Thordin le pasó la carta.
Eso parece.
– Bueno, ahora sabemos qué pasa en Cortton -dijo Jonathan.
– Una plaga de muertos vivientes -contestó Thordin con su voz grave y rasgada.
– ¿Cuándo nos pondremos en marcha? -preguntó Blaine.
En su rostro podía verse una expresión de entusiasmo. Se sentó más erguido en la silla. Incluso parecía que las heridas no le molestaban tanto. Se disponían a salvar la aldea de Pegin, a pagar la deuda que Blaine sentía para con éste, aliviar la culpa que lo atormentaba debido a la muerte de aquel hombre.
Jonathan lo entendía perfectamente. Veía todos aquellos sentimientos alternándose en el rostro del joven. La cara de Blaine siempre había sido como un espejo. Curiosamente, Elaine era más introvertida, más difícil de leer.
– Unos cuantos días para reunir las provisiones necesarias, preparar el equipaje y para que puedas recuperarte; también debemos intentar establecer la causa de que el enorme árbol cobrara vida. En caso de que haya un maleficio tan cerca de nuestro hogar, debemos ser conscientes de ello. No quiero dejar a los demás expuestos a un posible peligro.
– Y si no podemos determinar lo que sucedió, ¿entonces qué? -preguntó Blaine.
Jonathan no pudo evitar esbozar una sonrisa ante su entusiasmo.
– Entonces saldremos hacia Cortton en el plazo de tres días, hayamos resuelto o no ese misterio. Si nos quedáramos en casa esperando hasta haber podido descifrar cada uno de los enigmas malignos que nos ocupan, nunca podríamos abandonar estas paredes.
Blaine sonrió.
– Bien.
Jonathan observó el rostro entusiasta del joven. ¿También él había sido como aquel joven? No, determinó. Los ojos de Thordin brillaron como respuesta, ansiosos ante el próximo combate. Tal vez Thordin sí había sido como aquel joven; quizá todavía lo era.
Jonathan observó a los dos guerreros. Tal vez aquellos que vivían para el acero, al igual que aquellos que vivían para la magia, tenían la vana ilusión de que sus habilidades podrían resolver todos los problemas. Al reflexionar acerca de ello, recordó que en una ocasión había un exterminador de magos que creía que su poder era a prueba de maleficios. De eso no hacía tanto tiempo. Fue unos cuantos meses antes de que Calum cayera enfermo.
Deseaba tocar a Thordin y a Blaine, sacudirlos hasta que la luz del entusiasmo se apagara en sus ojos. ¿No se daban cuenta de que el acero no siempre bastaba? La magia tampoco bastaba. Ni siquiera la inteligencia era suficiente en todos los casos. Había ciertas atrocidades contra las cuales nada era suficiente.
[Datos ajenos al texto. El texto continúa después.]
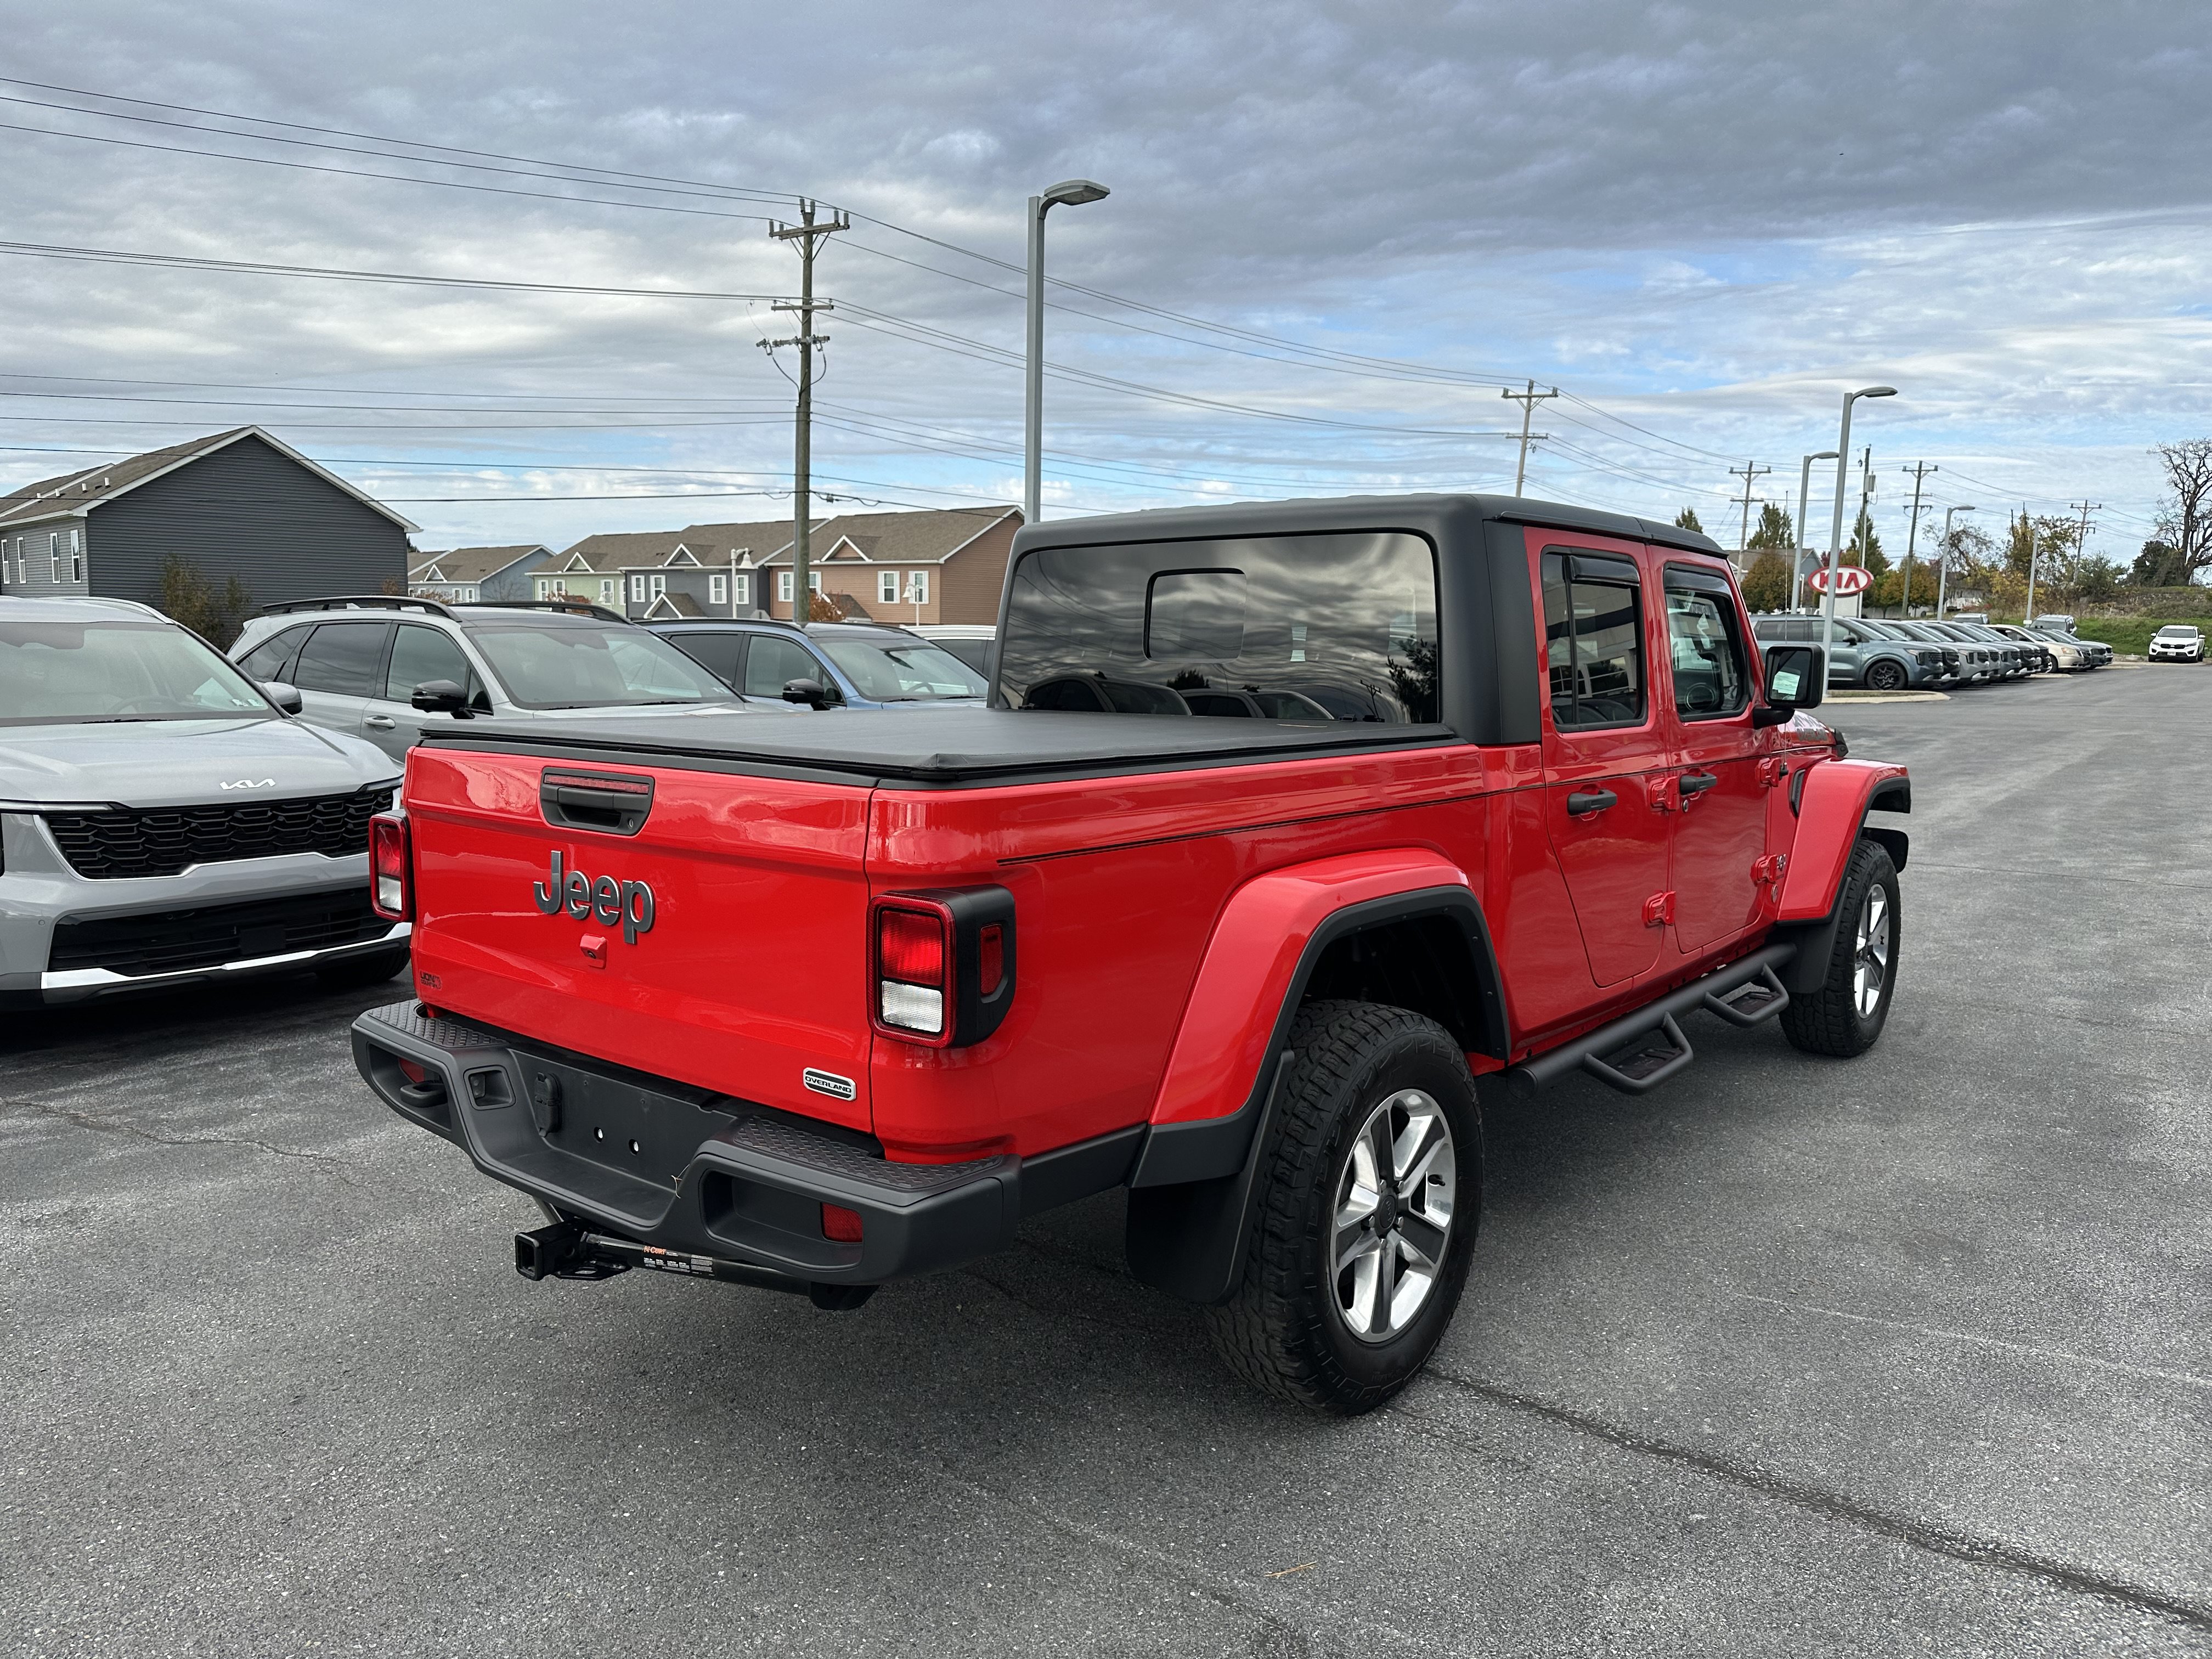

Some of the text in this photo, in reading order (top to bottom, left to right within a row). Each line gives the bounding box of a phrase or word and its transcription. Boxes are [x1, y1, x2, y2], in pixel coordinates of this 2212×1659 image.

Ya antes habían luchado contra muertos vivientes y habían vencido. Pero ¿podrían hacer frente a toda una plaga? ¿A más de la mitad de la aldea, que ahora vivía en las tinieblas? ¿Acaso se encontrarían con algo que no podrían derrotar? Por primera vez, el gusano de la duda, aunque minúsculo, empezó a roer a Jonathan Ambrose, exterminador de magos. La duda… y el miedo.